■ **REQUIRED WORK**:
The expected output is the exact lines from the one containing "this 1200×1800 image." through the end of the data, inclusive, and nothing else.

■ **EXERCISE DATA**:
--------------------------------

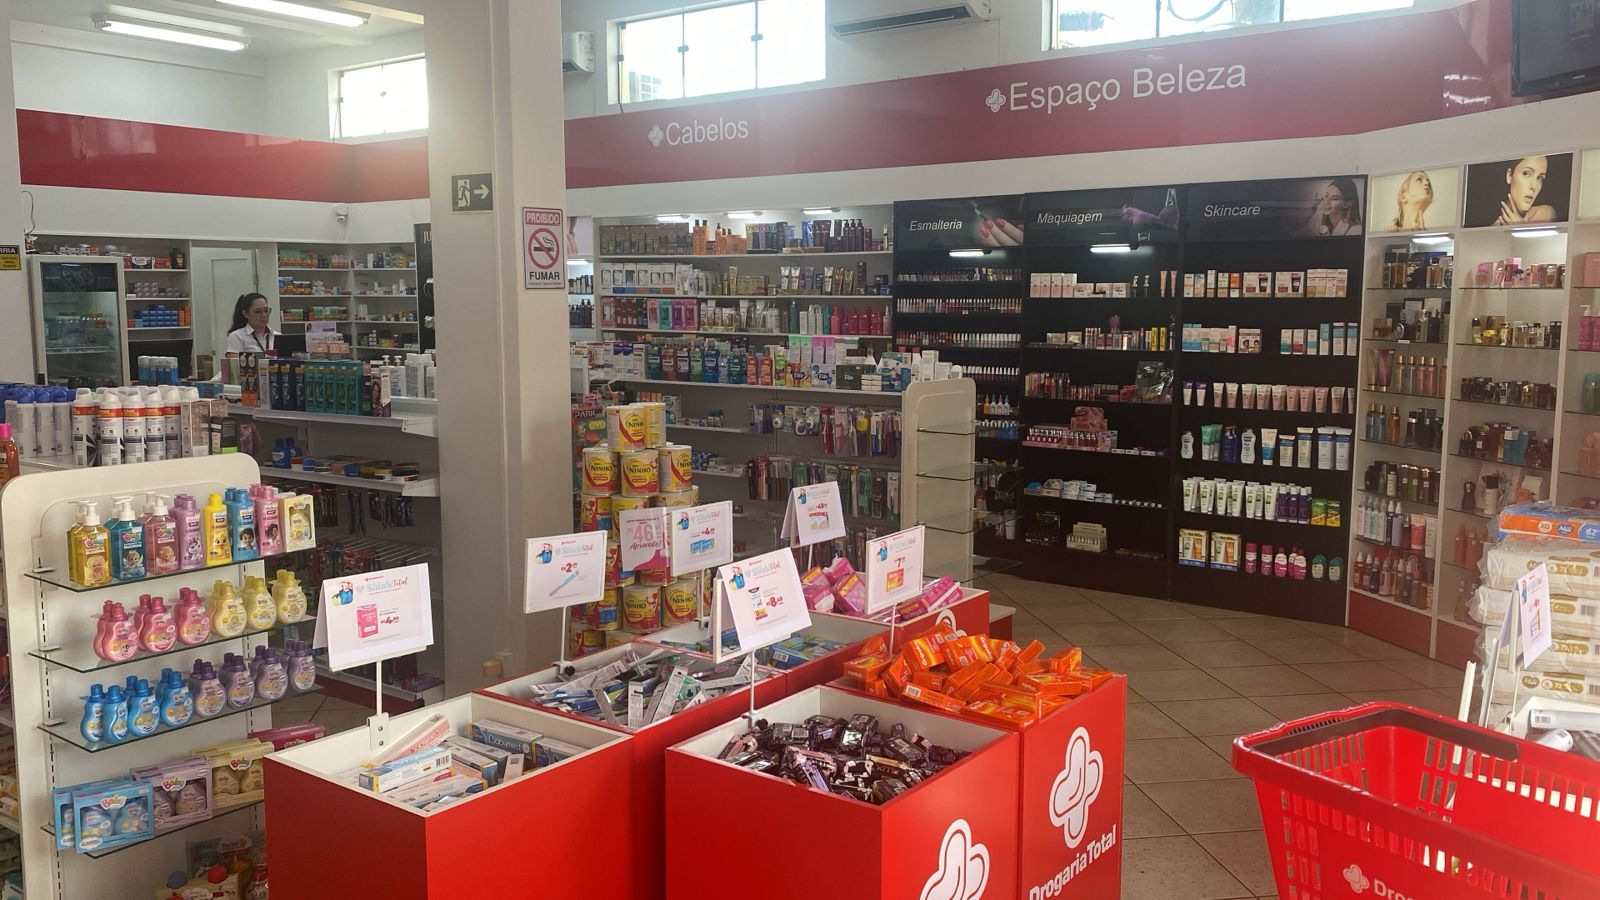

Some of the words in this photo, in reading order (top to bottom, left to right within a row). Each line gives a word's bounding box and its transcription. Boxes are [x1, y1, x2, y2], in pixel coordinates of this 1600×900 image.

[1010, 75, 1120, 113] Espaço
[1132, 61, 1247, 99] Beleza
[666, 116, 749, 147] Cabelos
[1203, 204, 1261, 218] Skincare
[526, 213, 560, 225] PROIBIDO
[909, 217, 963, 232] Esmalteria
[1036, 211, 1103, 227] Maquiagem
[529, 271, 560, 281] FUMAR
[590, 465, 613, 473] NINHO
[628, 465, 651, 474] NINHO
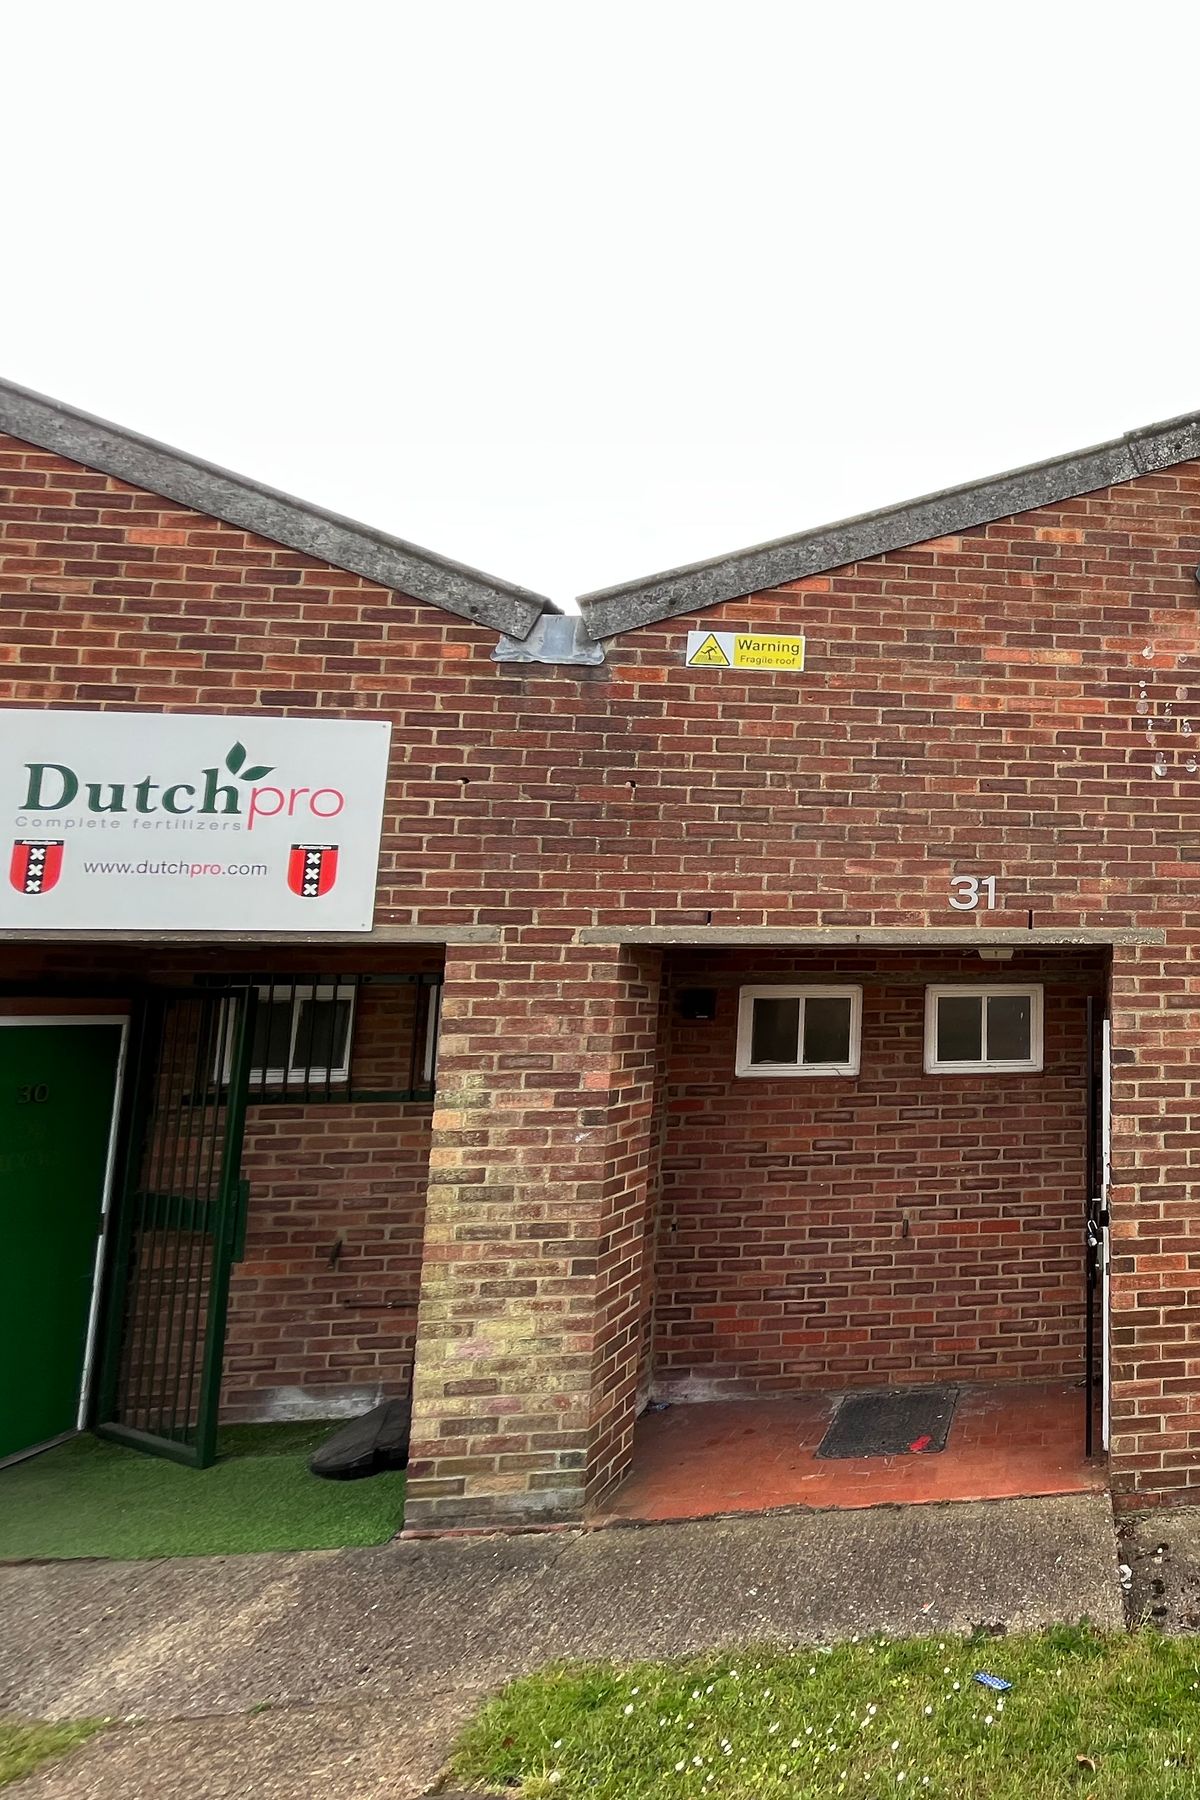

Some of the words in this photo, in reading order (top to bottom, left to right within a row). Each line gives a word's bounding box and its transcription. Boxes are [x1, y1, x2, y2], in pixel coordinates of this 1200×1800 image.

[738, 639, 800, 656] Warning
[740, 655, 773, 666] Fragile
[775, 657, 796, 666] roof
[15, 815, 121, 831] Complete
[133, 817, 242, 831] fertilizers
[84, 860, 268, 878] www.dutchpro.com
[948, 875, 997, 910] 31
[16, 1082, 50, 1104] 30

--------------------------------

■ **WRITTEN ANSWER**:
Some of the words in this photo, in reading order (top to bottom, left to right within a row). Each line gives a word's bounding box and its transcription. Boxes are [x1, y1, x2, y2], in pixel coordinates of this 1200×1800 image.

[738, 639, 800, 656] Warning
[740, 655, 773, 666] Fragile
[775, 657, 796, 666] roof
[15, 815, 121, 831] Complete
[133, 817, 242, 831] fertilizers
[84, 860, 268, 878] www.dutchpro.com
[948, 875, 997, 910] 31
[16, 1082, 50, 1104] 30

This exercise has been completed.